▶ What you are asked to do:
Write the entries out again exactly; any picture among them gets left out.

##### Provided records #####

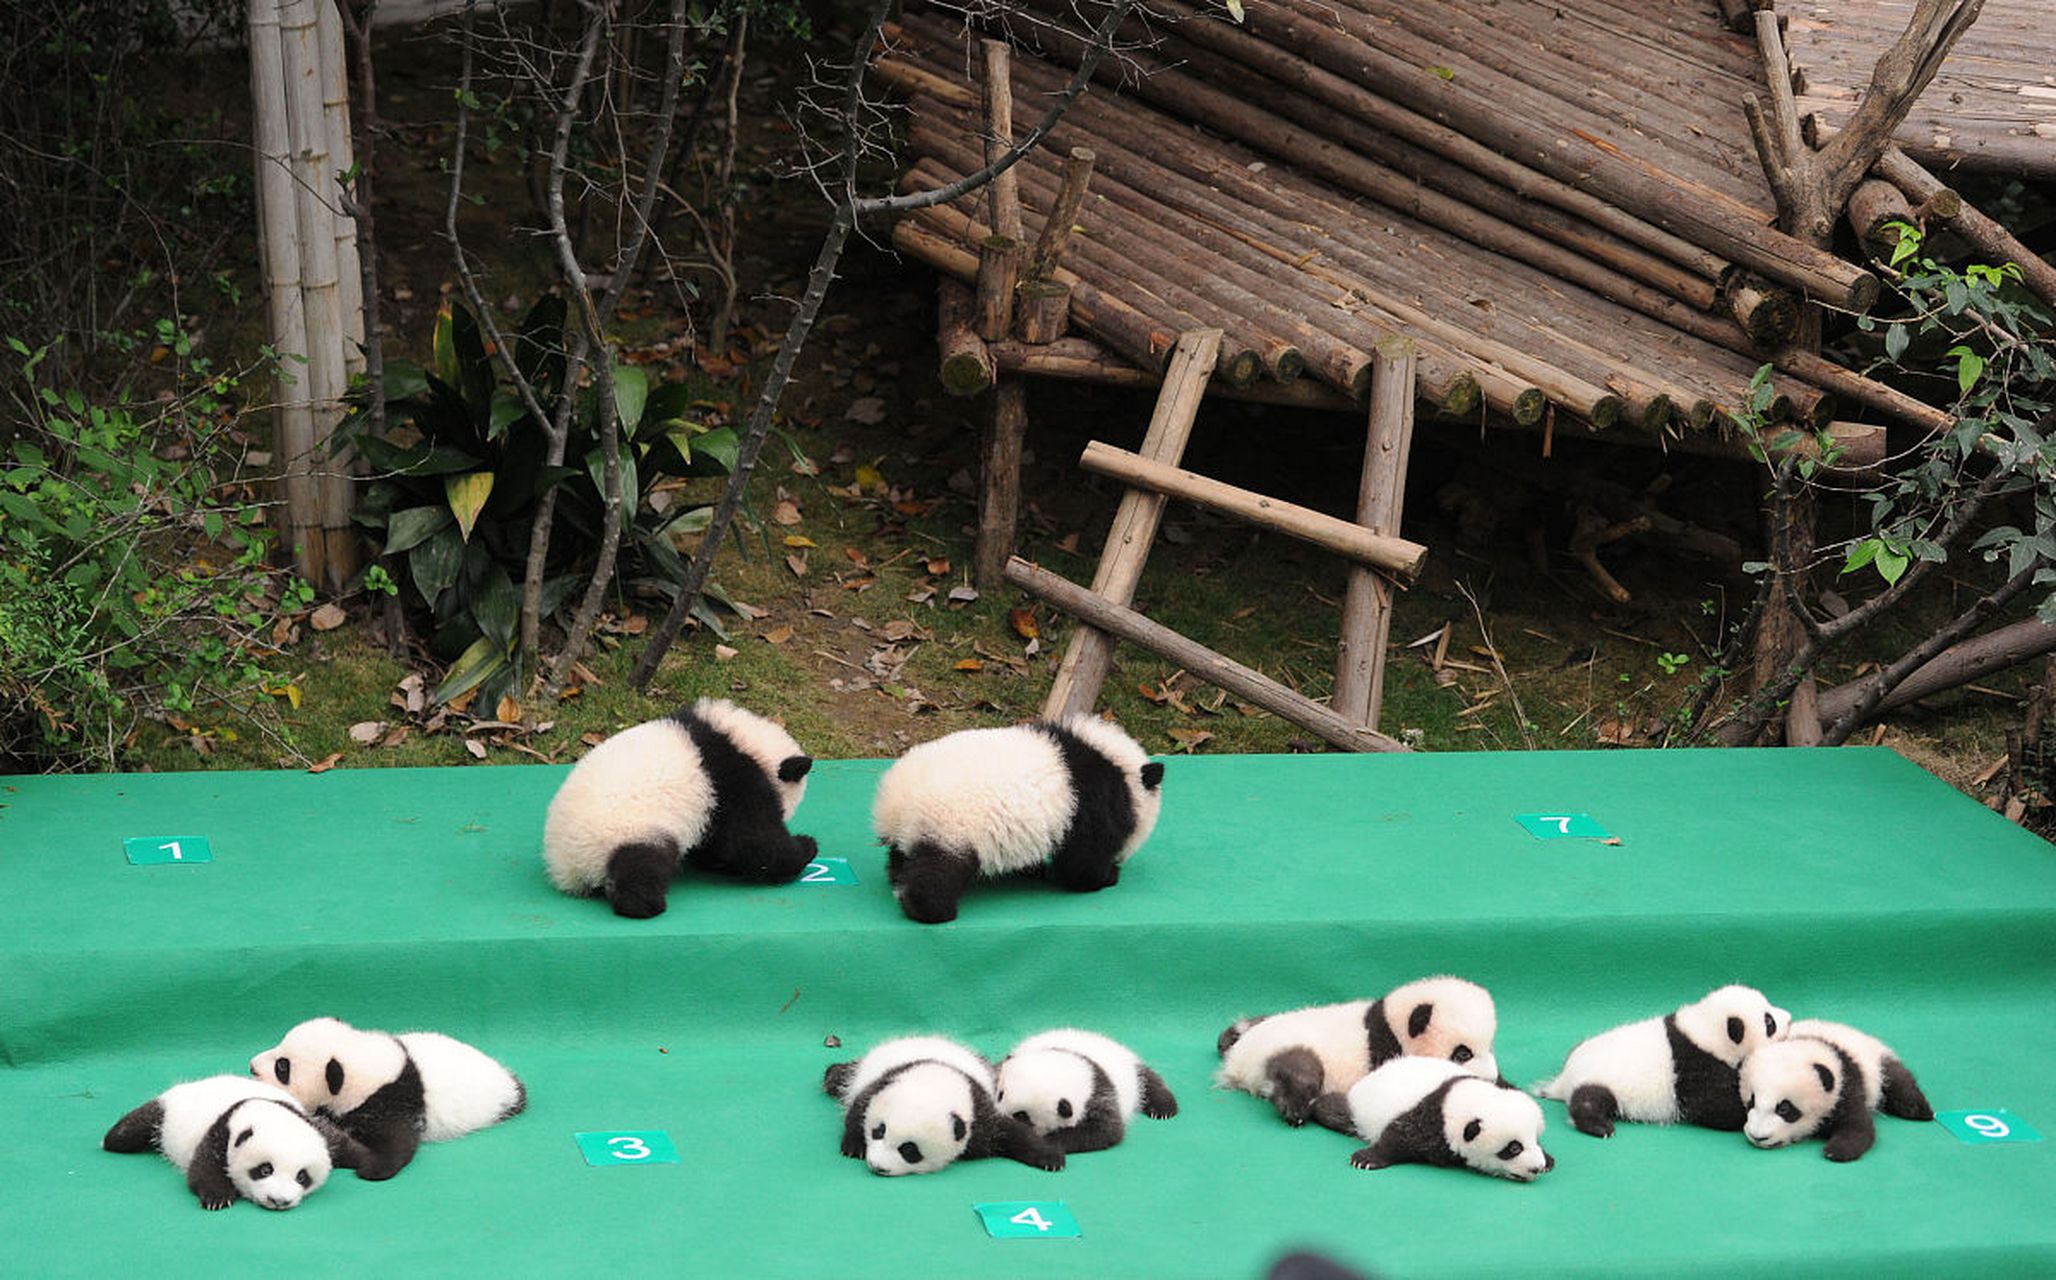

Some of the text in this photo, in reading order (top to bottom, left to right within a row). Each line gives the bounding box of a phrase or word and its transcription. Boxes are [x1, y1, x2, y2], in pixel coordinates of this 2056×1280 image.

[1540, 816, 1571, 834] 7
[159, 842, 182, 860] 1
[801, 864, 836, 882] 2
[1965, 1115, 2009, 1138] 9
[608, 1136, 650, 1159] 3
[1010, 1208, 1053, 1231] 4

#####

▶ Output for this task:
Some of the text in this photo, in reading order (top to bottom, left to right within a row). Each line gives the bounding box of a phrase or word and its transcription. Boxes are [x1, y1, x2, y2], in pixel coordinates of this 2056×1280 image.

[1540, 816, 1571, 834] 7
[159, 842, 182, 860] 1
[801, 864, 836, 882] 2
[1965, 1115, 2009, 1138] 9
[608, 1136, 650, 1159] 3
[1010, 1208, 1053, 1231] 4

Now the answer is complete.